Quando o plano da avó vai por água abaixo, Han Gyeol se vê no ultimato de renovar uma cafeteria de bairro velha e triplicar o investimento gasto no pequeno negócio em três meses. Vendo na situação a oportunidade de um emprego que possa ajudar a sustentar a família, Eun Chan assume a identidade masculina para trabalhar no local que só aceita homens para serem os “príncipes” (garçons) do estabelecimento.

O problema é que a partir daí, os personagens desenvolvem um relacionamento de cão e gato, que mais tarde evolui para um romance. No entanto, Han Gyeol duvida de tudo o que conhece ao começar a se apaixonar por Eun Chan, um homem, enquanto o segredo sobre a verdadeira identidade da moça não é revelado.

Com roupas masculinas e modos nada adequados ao padrão feminino da época, Eun Chan foi confundida como homem por Han Gyeol. Fonte: MBC.

Embarcando na Hallyu Wave (Onda coreana, fenômeno onde a cultura pop da Coreia do Sul começou a ser exportada para fora do tigre asiático), Coffee Prince se tornou um grande sucesso ao alcançar os ratings de 29,9% no ibope da TV sul-coreana. O drama consegue dar uma repaginada no padrão narrativo onde a heroína finge ser homem, e a história vai até um pouco além, causando em Han Gyeol uma grande crise de identidade.

A inclusão da série no catálogo da Netflix é um exemplo de como a Hallyu Wave se fortificou no mercado ocidental e principalmente brasileiro, já que diversos outros dramas dos anos 2000 e 2010 também foram recentemente incluídos no streaming, como é o caso de Rooftop Prince (2012), Secret Garden (2010), You’re Beautiful (2009), Full House (2004), entre outros. Para quem está acostumado a assistir os dramas mais atuais, as novelas antigas são uma novidade muito bem vinda.
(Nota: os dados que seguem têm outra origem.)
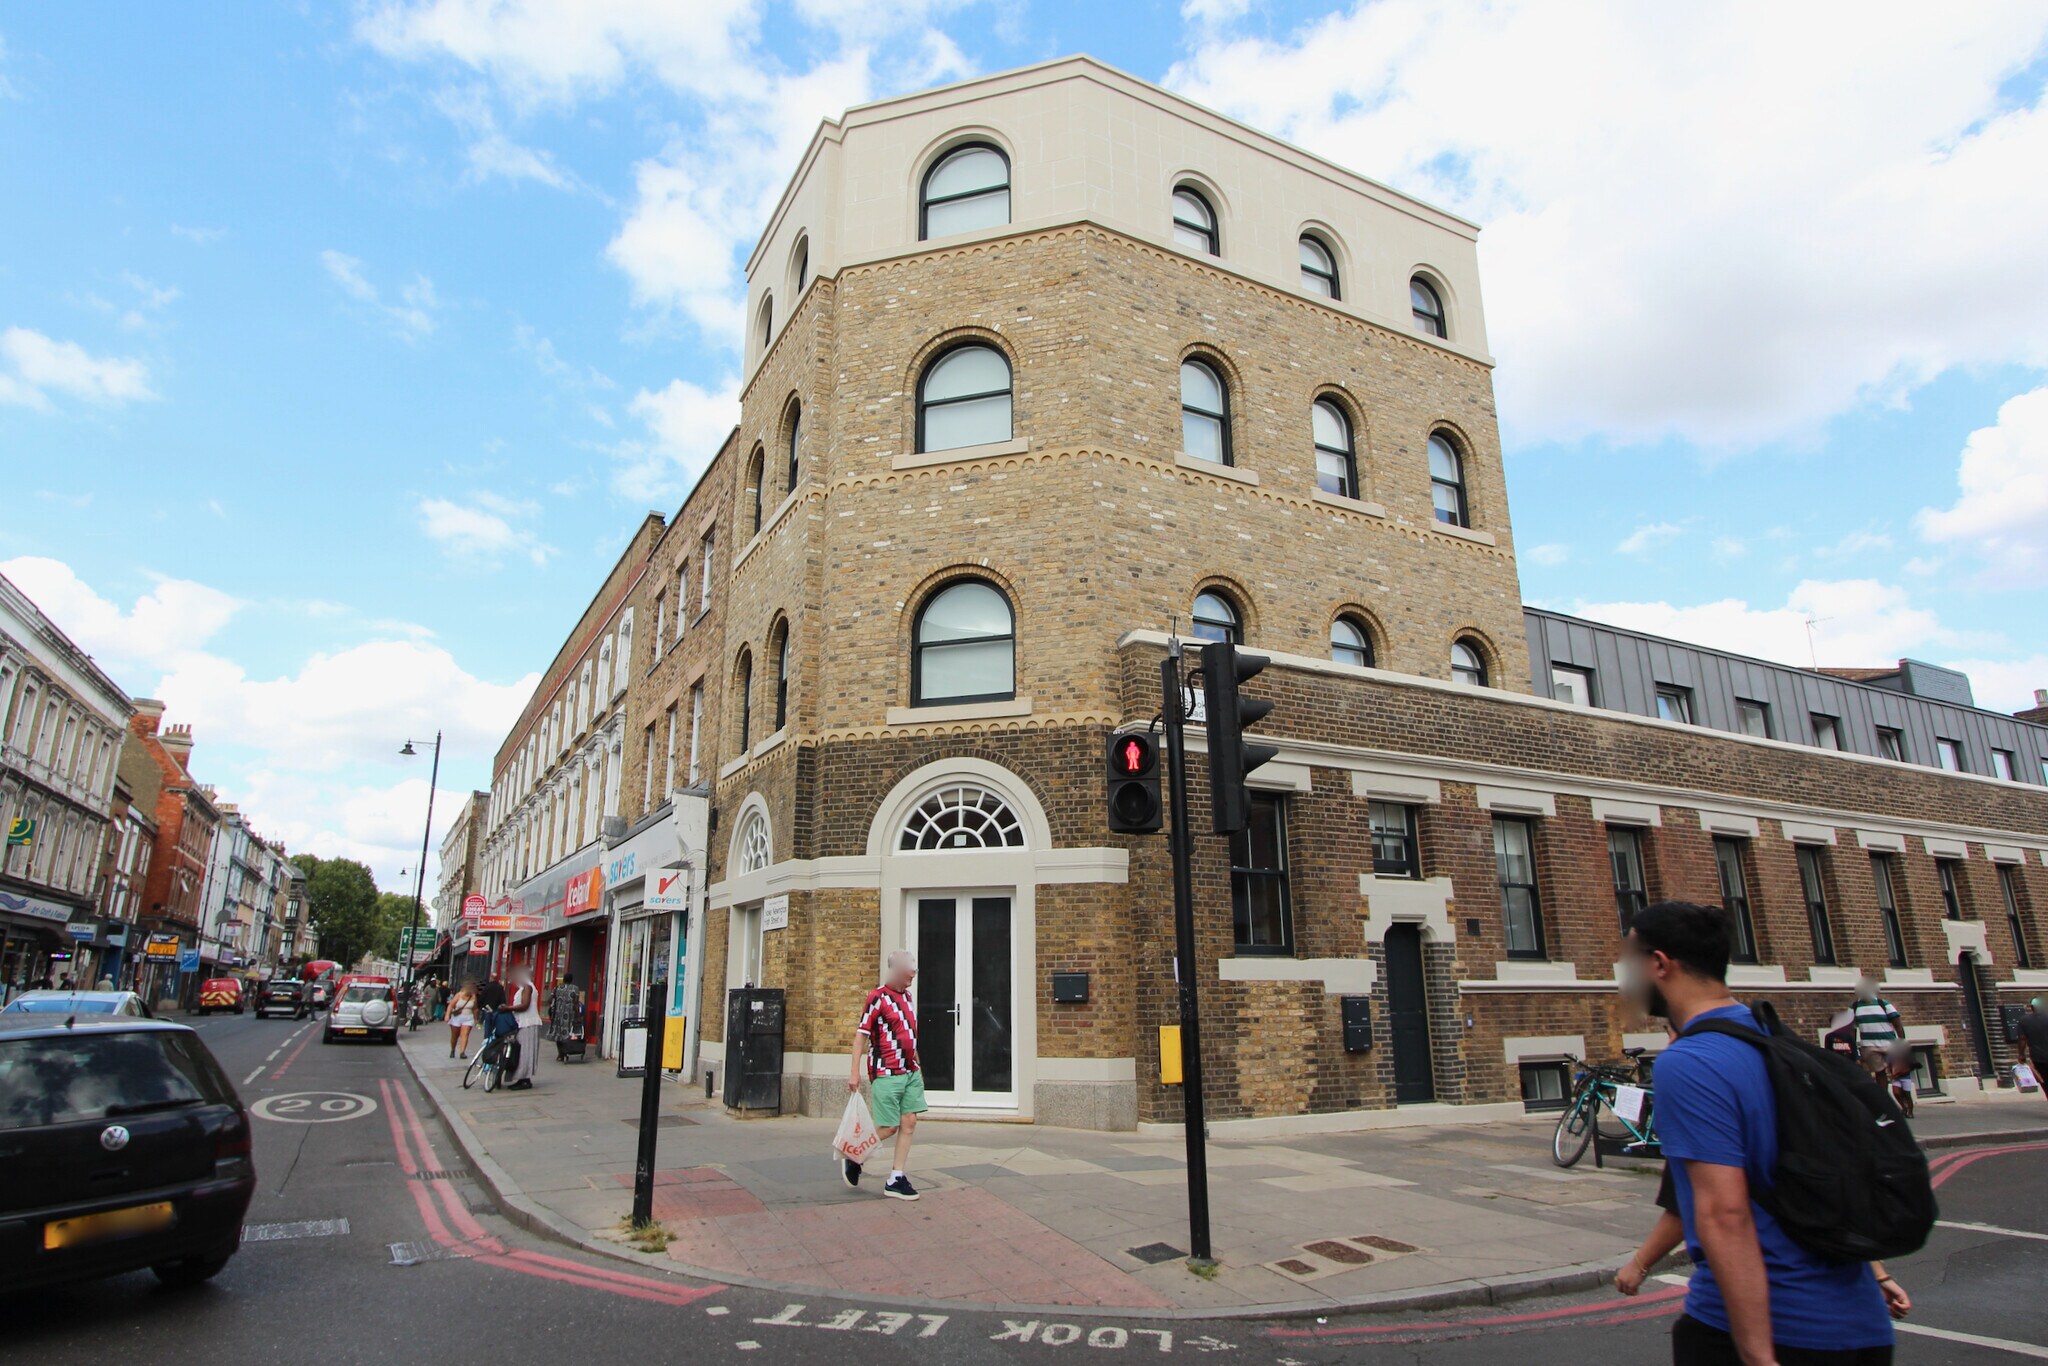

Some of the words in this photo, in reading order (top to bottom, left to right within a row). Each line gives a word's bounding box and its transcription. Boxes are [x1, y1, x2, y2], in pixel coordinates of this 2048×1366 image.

[610, 851, 635, 884] savers
[567, 875, 590, 908] Iceland
[649, 895, 681, 905] savers
[480, 918, 510, 927] Iceland
[275, 1099, 356, 1112] 20
[752, 1304, 950, 1338] LEFT
[989, 1319, 1173, 1352] LOOK
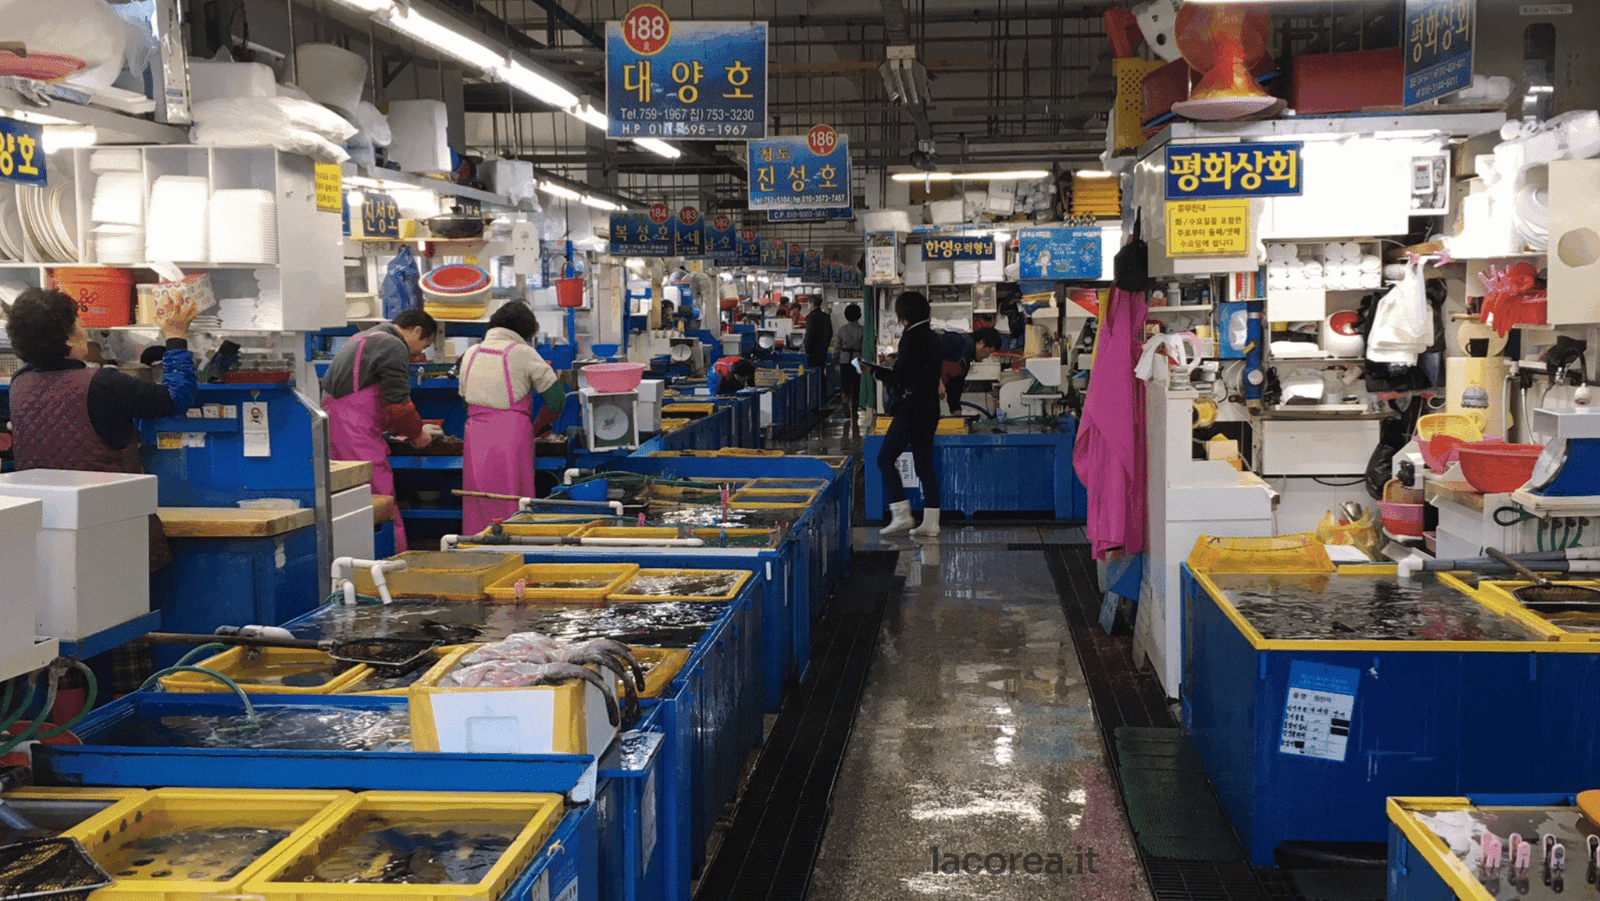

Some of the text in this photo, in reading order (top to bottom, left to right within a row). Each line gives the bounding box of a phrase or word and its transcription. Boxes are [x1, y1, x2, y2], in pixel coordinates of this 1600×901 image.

[628, 15, 665, 41] 188
[1411, 1, 1469, 62] 평화상회
[620, 108, 686, 120] Tel.759-1967
[706, 108, 754, 121] 753-3230
[622, 124, 641, 134] H.P
[809, 131, 835, 147] 186
[1169, 150, 1296, 192] 평화상회
[363, 198, 399, 234] 진성호
[651, 209, 667, 218] 184
[682, 210, 696, 219] 183
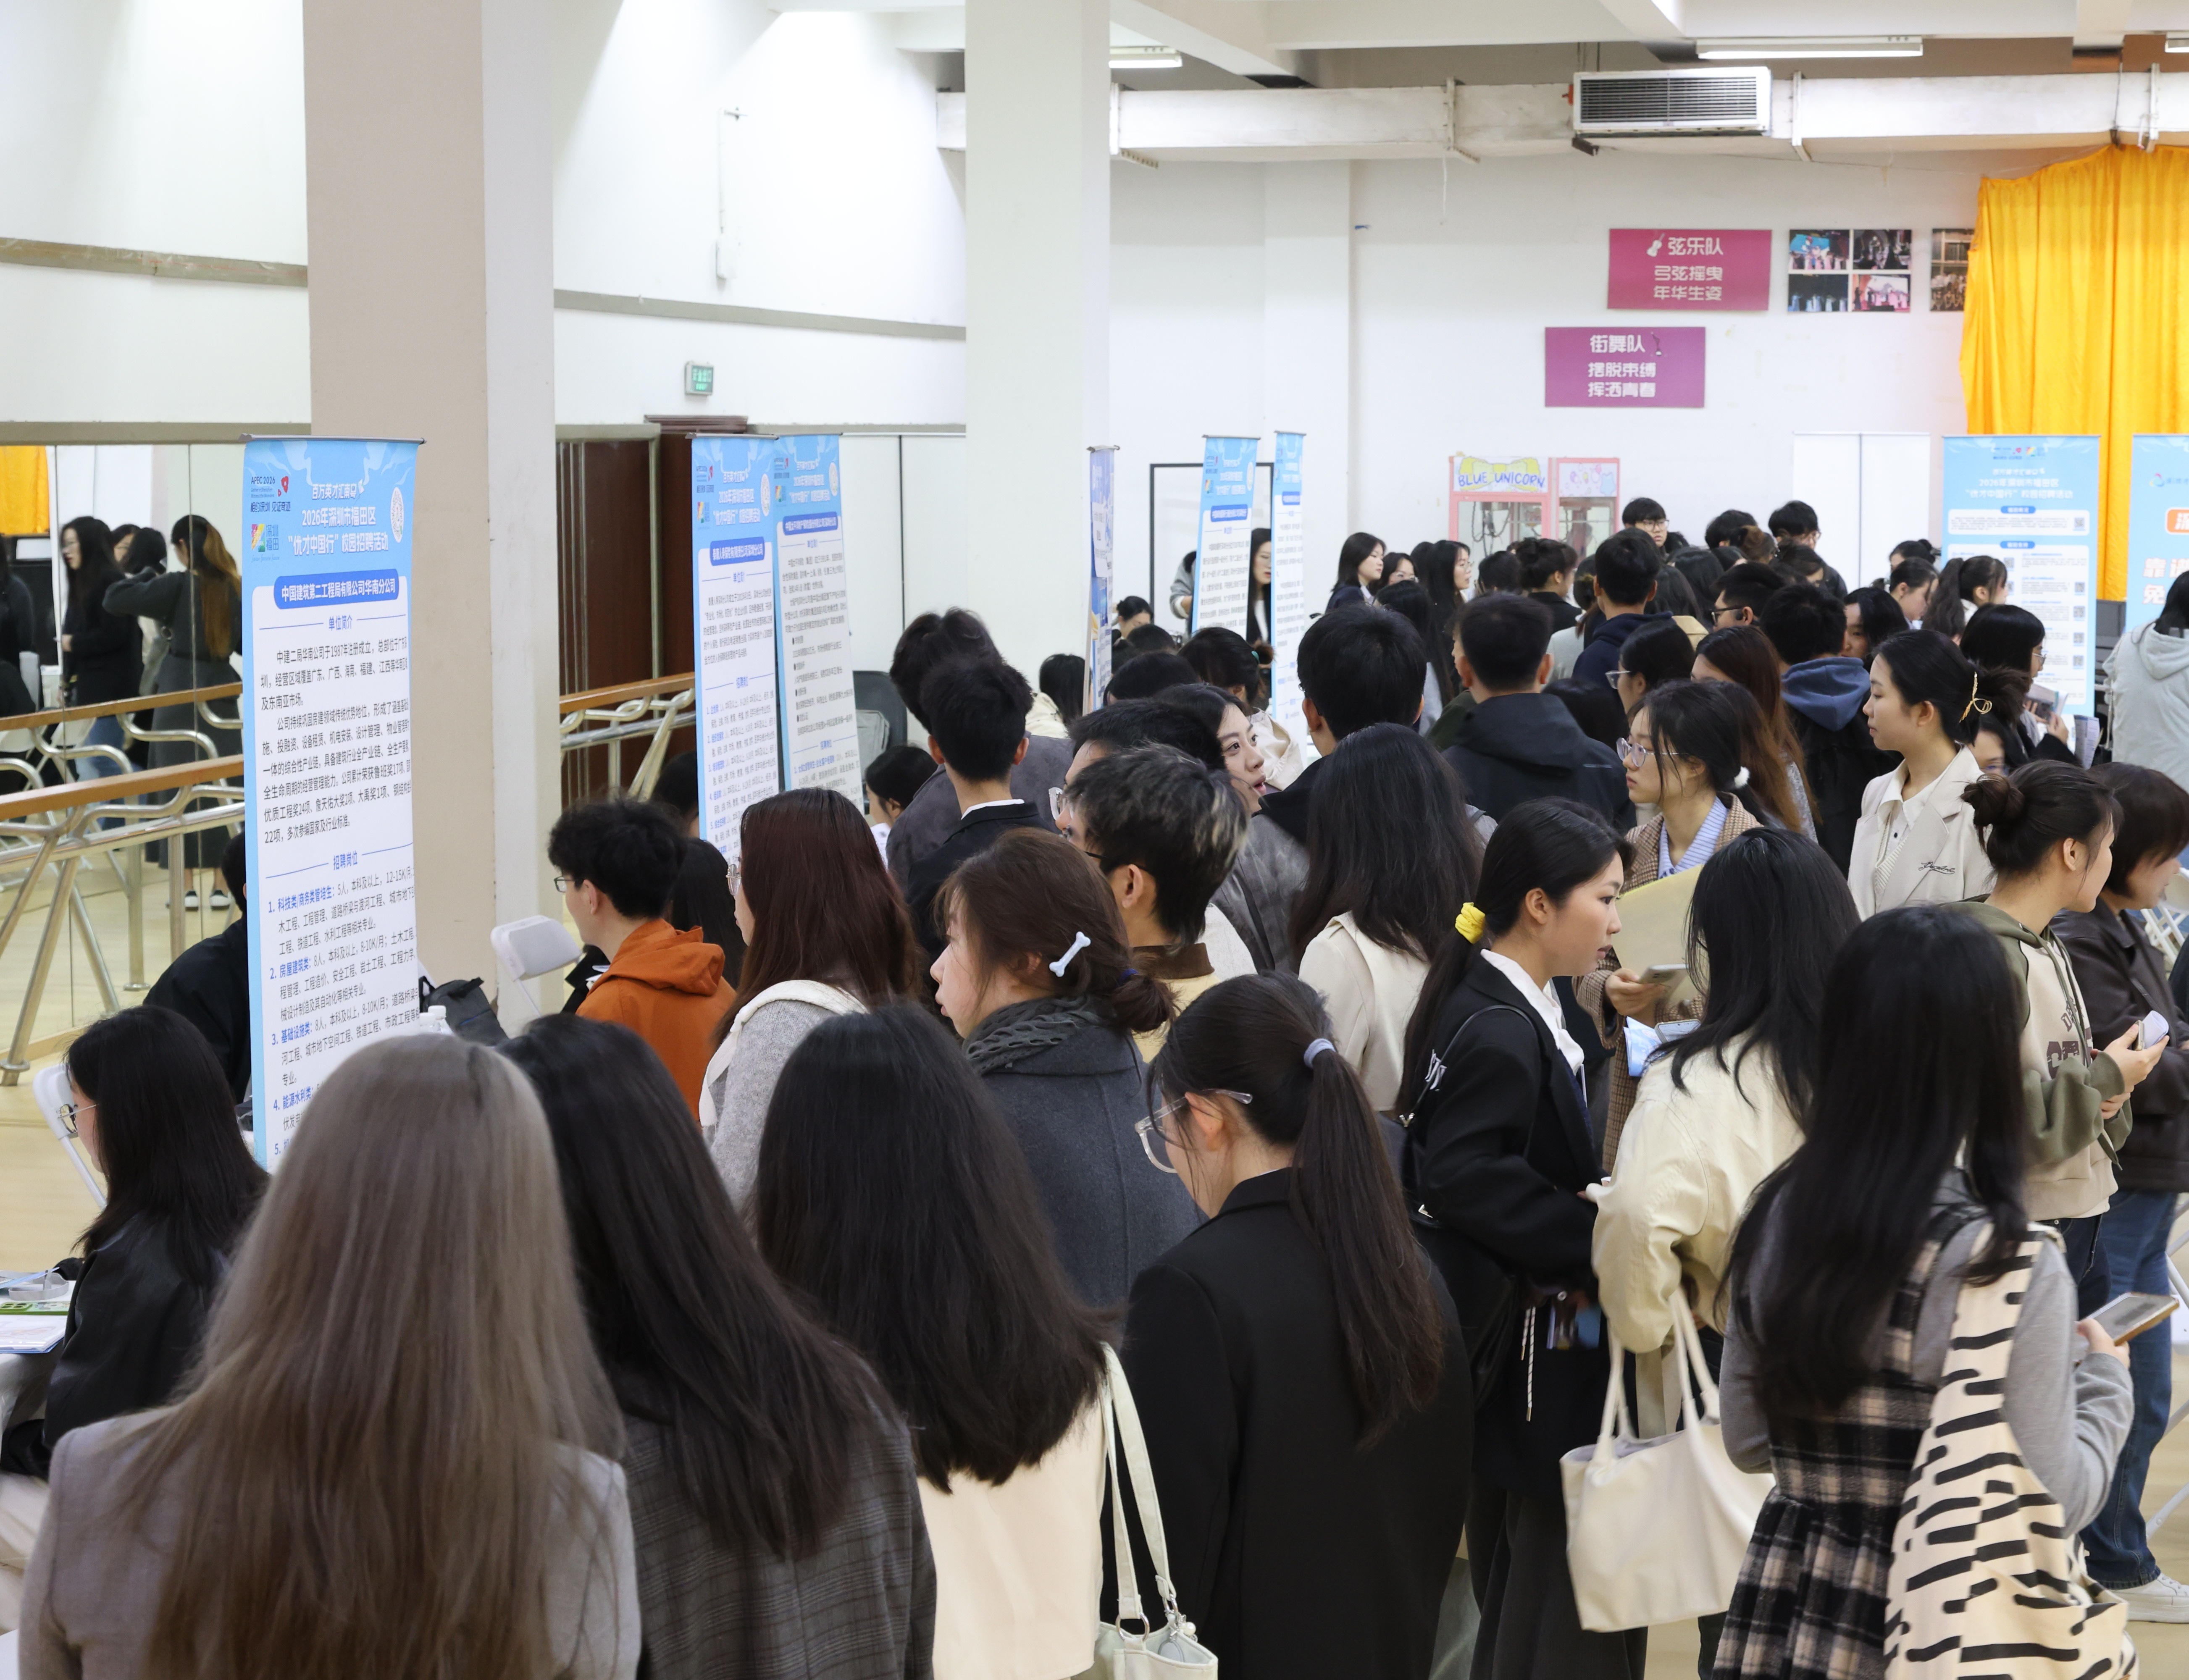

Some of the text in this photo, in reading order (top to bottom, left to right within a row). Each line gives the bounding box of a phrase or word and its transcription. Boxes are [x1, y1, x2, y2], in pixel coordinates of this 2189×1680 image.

[1668, 237, 1724, 256] 弦乐队
[1654, 265, 1723, 281] 弓弦摇曳
[1653, 286, 1722, 301] 年华生姿
[1590, 334, 1645, 354] 街舞队
[1588, 362, 1656, 378] 摆脱束缚
[1588, 381, 1656, 398] 挥洒青春
[1458, 471, 1545, 488] BLUE UNICORN
[312, 483, 357, 500] 百万英才汇南粤
[272, 501, 291, 512] 见证奇迹
[302, 507, 376, 527] 2026年深圳市福田区
[266, 538, 279, 551] 福田
[288, 532, 389, 556] “优才中国行” 校园招聘活动
[281, 578, 396, 602] 中国建筑第二工程局有限公司华南分公司
[328, 614, 353, 631] 单位简介
[261, 693, 304, 711] 及东南亚市场。
[265, 814, 350, 844] 22项，多次参编国家及行业标准。
[333, 850, 358, 870] 招聘岗位
[279, 916, 376, 956] 工程、铁道工程、水利工程等相关专业。
[281, 982, 366, 1023] 械设计制造及其自动化等相关专业。
[282, 1071, 297, 1087] 专业。
[283, 1081, 323, 1110] 能源水利类：5
[283, 1110, 305, 1131] 伏发电
Diferente das superproduções mais recentes, como é o caso de Vincenzo (2021), Coffee Prince tem uma estética mais rotineira, muito parecida com produções antigas da nossa conhecida TV Globo. A qualidade das imagens e o estilo de roupas e cabelos apela à nostalgia de quem assiste e nutre pelo fim dos anos 2000 um carinho de quando o mundo não era tão acelerado quanto é hoje. A ausência de música de fundo na maioria das cenas torna o diálogo da série mais dramático, ornando bem com o silêncio ou os barulhos reais dos ambientes onde a cena foi gravada, deixando todo o texto mais orgânico por apelar à vida real, onde discussões e assuntos sérios não são acompanhados de uma trilha sonora.

Cena de conflito entre Eun Chan e seus colegas de trabalho na cafeteira. A caracterização da personagem realmente passa a impressão de que ela é um homem, justificando a confusão que centra a narrativa do drama. Fonte: Netflix.

O drama conserva uma característica marcante das produções sul-coreanas, que é a presença de um casal secundário. Em uma história que se entremeia com a dos personagens principais, os heróis secundários não agem como lobos em pele de cordeiro, o que a indústria chamaria de white-lotus. Os roteiristas souberam administrar personagens que representassem uma concorrência de interesses amorosos, mas sem tornar a história uma grande farofa, como em Boys Over Flowers (2009), que tem uma narrativa cansativa e inconsistente.

Mesmo sendo 2007, quando os clichês de dramas estavam em alta, os produtores da série decidiram não apelar para a avó de Han Gyeol oferecendo o famoso envelope com dinheiro e jogando copo de água na cabeça da protagonista. Pelo contrário: a equipe executiva conseguiu inserir o tema de sexualidade na série de forma que ficasse à frente do seu tempo, abordando explicitamente a crise de identidade passada pelo Chaebol (herdeiro) ao confrontar seus sentimentos de paixão por Eun Chan. 

Alerta de Spoiler

A partir de um certo momento, Han Gyeol decide parar de lutar contra seu coração e admite que está apaixonado por um “homem” e escolhe estar com Eun Chan mesmo contra sua família e a sociedade. Sabendo disso, a jovem quer dar um basta na enganação, que aconteceu de maneira involuntária a início, e resolve por contar toda a verdade para o par. Porém, um de seus colegas na cafeteria descobre e conta o segredo primeiro, causando aos personagens principais uma boa dose de dor de cotovelo.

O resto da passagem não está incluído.